Here’s the thing: Israel’s biggest problem isn’t the Arabs, terrorists or otherwise. Israel can handle its Arab enemies just fine. What causes trouble is when the US throws its weight and support behind the Arab terrorists and their supporters. That constitutes a significant problem for Israel.

When the US funds terrorists, when it grants concessions to the countries that harbor them --- and then, at the same time -- ties Israel’s hands, refusing to allow us to defend ourselves, that’s when trouble sets in.

Today it’s the US that’s intent on cutting Israel down to size – literally. This time it’s not the Negev where our foreign “rulers” are refusing to allow us to live – this time it’s in the north and west, in Judea and Samaria, not to mention Jerusalem.
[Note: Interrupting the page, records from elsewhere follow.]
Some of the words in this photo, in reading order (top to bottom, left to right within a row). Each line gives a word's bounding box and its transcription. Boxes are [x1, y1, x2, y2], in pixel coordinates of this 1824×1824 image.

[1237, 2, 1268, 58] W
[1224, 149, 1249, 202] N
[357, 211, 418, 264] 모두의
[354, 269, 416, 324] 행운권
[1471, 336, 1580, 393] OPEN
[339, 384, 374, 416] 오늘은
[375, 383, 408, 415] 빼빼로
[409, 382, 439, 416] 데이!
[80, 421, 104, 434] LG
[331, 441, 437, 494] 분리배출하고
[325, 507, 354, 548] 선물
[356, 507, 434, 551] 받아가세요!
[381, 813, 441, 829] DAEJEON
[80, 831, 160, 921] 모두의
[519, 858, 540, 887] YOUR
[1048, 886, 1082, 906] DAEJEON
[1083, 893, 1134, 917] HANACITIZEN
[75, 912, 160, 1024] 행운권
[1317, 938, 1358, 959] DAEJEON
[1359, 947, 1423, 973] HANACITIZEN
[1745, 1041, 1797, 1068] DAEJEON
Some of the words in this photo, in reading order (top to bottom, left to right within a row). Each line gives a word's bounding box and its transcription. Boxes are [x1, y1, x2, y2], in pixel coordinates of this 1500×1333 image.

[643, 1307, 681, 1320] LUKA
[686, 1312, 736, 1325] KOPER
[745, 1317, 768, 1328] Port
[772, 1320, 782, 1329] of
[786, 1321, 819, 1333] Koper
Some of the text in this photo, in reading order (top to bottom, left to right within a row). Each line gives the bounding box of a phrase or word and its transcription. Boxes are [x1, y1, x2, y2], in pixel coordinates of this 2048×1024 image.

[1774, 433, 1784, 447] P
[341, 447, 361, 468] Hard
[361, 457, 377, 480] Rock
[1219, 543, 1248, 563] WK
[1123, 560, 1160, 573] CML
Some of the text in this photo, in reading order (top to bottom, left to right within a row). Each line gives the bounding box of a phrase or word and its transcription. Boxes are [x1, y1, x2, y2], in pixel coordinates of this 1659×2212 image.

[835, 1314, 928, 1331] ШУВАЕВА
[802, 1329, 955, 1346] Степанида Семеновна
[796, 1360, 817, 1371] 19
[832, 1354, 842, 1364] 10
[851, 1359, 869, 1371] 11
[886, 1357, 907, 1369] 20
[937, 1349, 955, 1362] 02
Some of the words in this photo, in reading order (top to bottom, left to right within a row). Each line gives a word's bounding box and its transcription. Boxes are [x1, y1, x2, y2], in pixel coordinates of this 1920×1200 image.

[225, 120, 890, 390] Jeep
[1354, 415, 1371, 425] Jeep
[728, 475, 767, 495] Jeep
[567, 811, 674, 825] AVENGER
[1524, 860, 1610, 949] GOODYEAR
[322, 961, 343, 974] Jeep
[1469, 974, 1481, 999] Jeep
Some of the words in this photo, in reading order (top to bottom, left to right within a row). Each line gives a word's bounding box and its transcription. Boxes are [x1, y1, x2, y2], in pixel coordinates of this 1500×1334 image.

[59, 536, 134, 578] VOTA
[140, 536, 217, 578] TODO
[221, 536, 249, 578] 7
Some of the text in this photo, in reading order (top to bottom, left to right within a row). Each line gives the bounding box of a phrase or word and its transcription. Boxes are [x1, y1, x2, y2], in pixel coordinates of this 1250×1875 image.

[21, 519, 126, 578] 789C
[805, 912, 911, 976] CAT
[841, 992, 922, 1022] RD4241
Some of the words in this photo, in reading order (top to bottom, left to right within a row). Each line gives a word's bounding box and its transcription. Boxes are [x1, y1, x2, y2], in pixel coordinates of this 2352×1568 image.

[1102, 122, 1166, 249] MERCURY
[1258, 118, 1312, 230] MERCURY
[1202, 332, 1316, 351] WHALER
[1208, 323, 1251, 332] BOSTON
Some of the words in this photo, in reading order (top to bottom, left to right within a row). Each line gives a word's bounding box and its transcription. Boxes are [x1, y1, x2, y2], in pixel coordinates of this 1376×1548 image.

Now we’re told that it’s Yesha that must be Judenrein in order to keep the Arabs happy.

But once again -- thank goodness -- we’ve got some gutsy Jews. You’ve probably seen it on the news elsewhere, but in direct defiance to the Community Organizer, as of today ELEVEN new settlements have been established in areas where he’s trying to forbid us to live.

The eleven are:

Inbalim (“bells”) – next to Maaleh Michmash in Binyamin
Oz Yonatan (“Jonathan’s Might”)– near Kochav Yaakov in Binyamin
Givat Egoz (“nut hill”) – near Talmon in Binyamin
Tzurya (“the Rock of G-d”) – near Avnei Hefetz in Samaria
Mitzpe Avichai (“Avichai’s lookout”) – near Kiryat Arba/Hevron
Netzer (“stem”) – near Efrat in Gush Etzion
Reches Sela (“boulder cliff”) – south of Shechem in Samaria
Gat Yosef (“Joseph’s winepress) – south of Shechem in Samaria
Nofei Yarden (“Jordan horizons”) – near Shilo in Samaria
Maalot Hevron (“Hevron heights”) – near Hevron
Havat HaRo'im (“shepherds' farm”) – near Susya in Judea

Today’s new settlements aren’t quite the same as those of 1946. Today, there’s no need to plow a furrow, so instead what the new pioneers do is to construct a building – any kind of building – and then occupy it.

Then, too, today’s pioneers don’t have quite the unified support the earlier pioneers had. Apparently to pacify the Community Organizer, the government has ordered the new settlements to be dismantled. The IDF has already pulled down two of the new settlements, which were immediately rebuilt, of course.

Interestingly enough, however, in some of the others – Tzurya and Avnei Hefetz – news reports say the IDF was preset but did nothing to stop the construction. At Tzurya, some 200 people of all ages were there to help build.

A flyer telling about the new settlements is posted all over the country. It reads:

“Just as then, so it is now. Building new communities throughout Judea and Samaria is the only way we can return the State of Israel to being independent, flourishing and growing, protect our national interests, and stand up to international pressure.”

At the same time as the building is going on, thousands more are in Jerusalem protesting the Community Organizer’s attempt to make himself the ruler of Israel as well as the United States.

Nothing changes so much as it remains the same.